Task goal: An exact copy of the entries below is required, with all pictures removed.

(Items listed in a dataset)
# # #

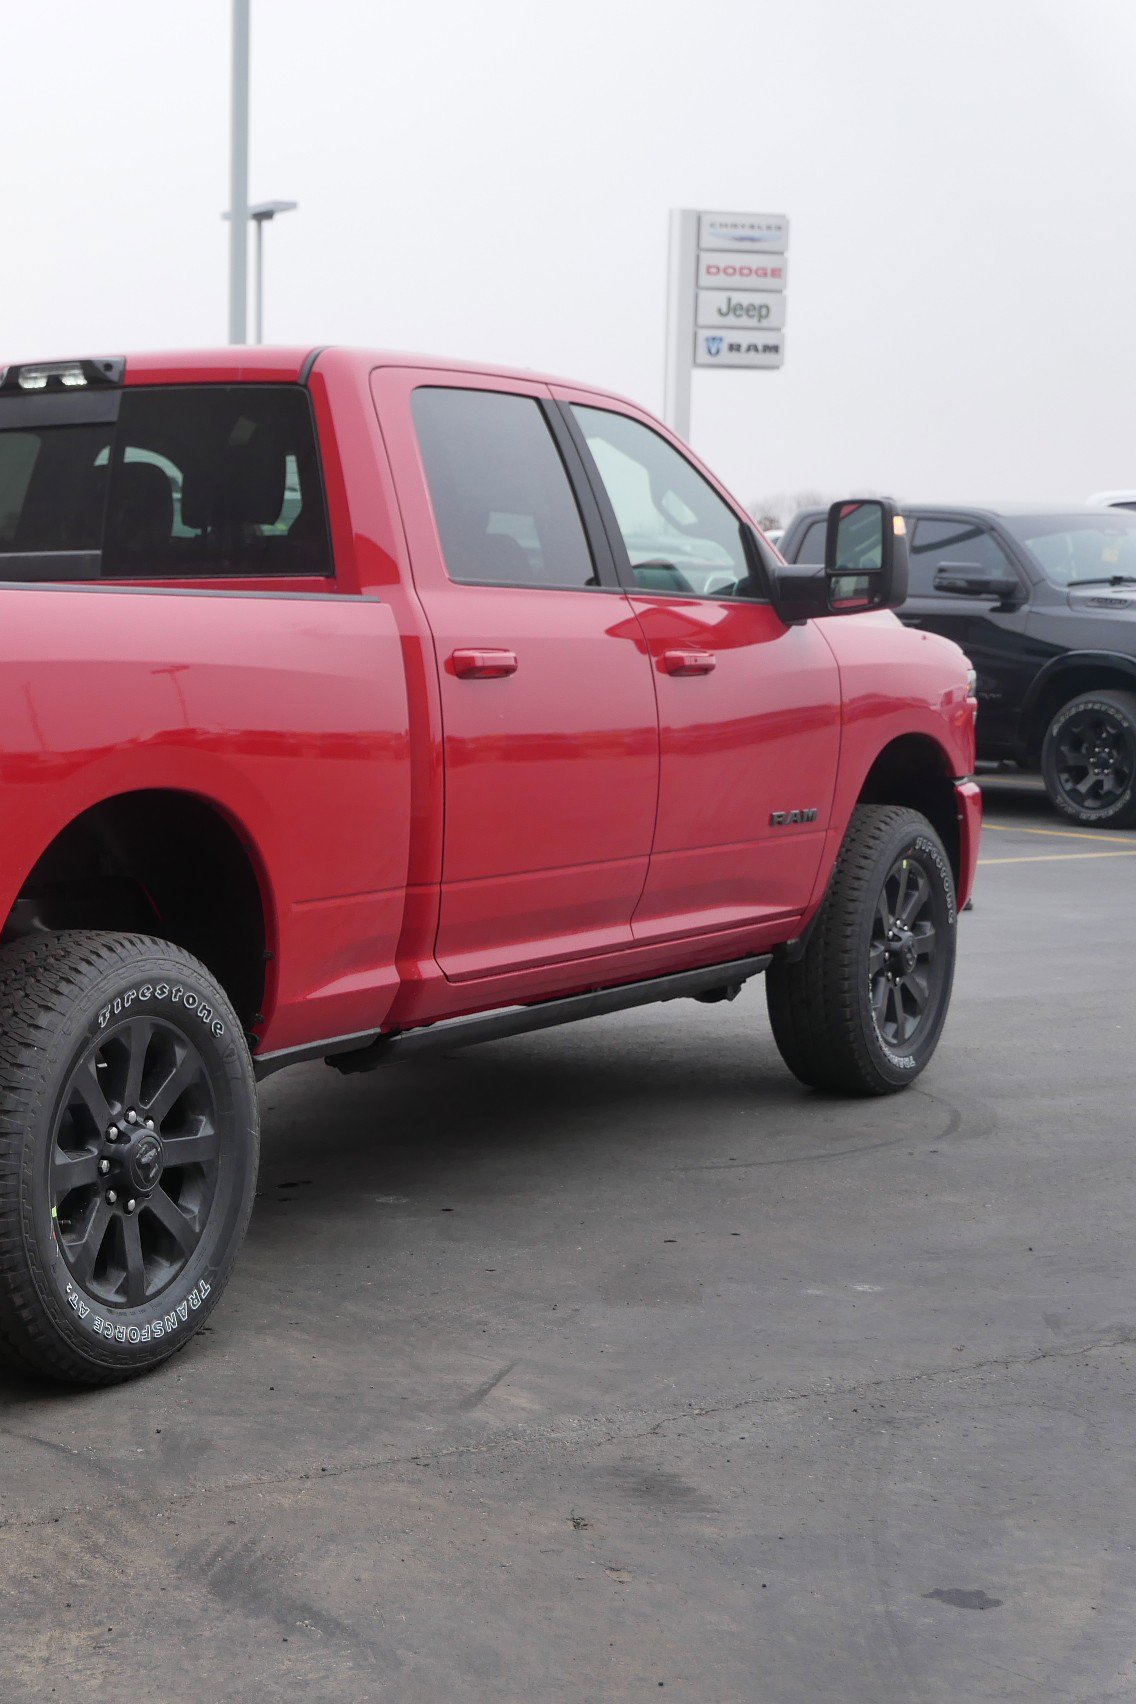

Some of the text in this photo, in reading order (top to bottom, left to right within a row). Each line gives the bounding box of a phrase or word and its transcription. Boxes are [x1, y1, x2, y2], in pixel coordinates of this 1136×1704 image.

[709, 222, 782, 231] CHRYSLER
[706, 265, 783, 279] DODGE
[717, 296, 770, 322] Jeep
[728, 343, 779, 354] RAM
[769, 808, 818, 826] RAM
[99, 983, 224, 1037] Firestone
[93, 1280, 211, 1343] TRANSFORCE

# # #

Problem solution:
Some of the text in this photo, in reading order (top to bottom, left to right within a row). Each line gives the bounding box of a phrase or word and its transcription. Boxes are [x1, y1, x2, y2], in pixel coordinates of this 1136×1704 image.

[709, 222, 782, 231] CHRYSLER
[706, 265, 783, 279] DODGE
[717, 296, 770, 322] Jeep
[728, 343, 779, 354] RAM
[769, 808, 818, 826] RAM
[99, 983, 224, 1037] Firestone
[93, 1280, 211, 1343] TRANSFORCE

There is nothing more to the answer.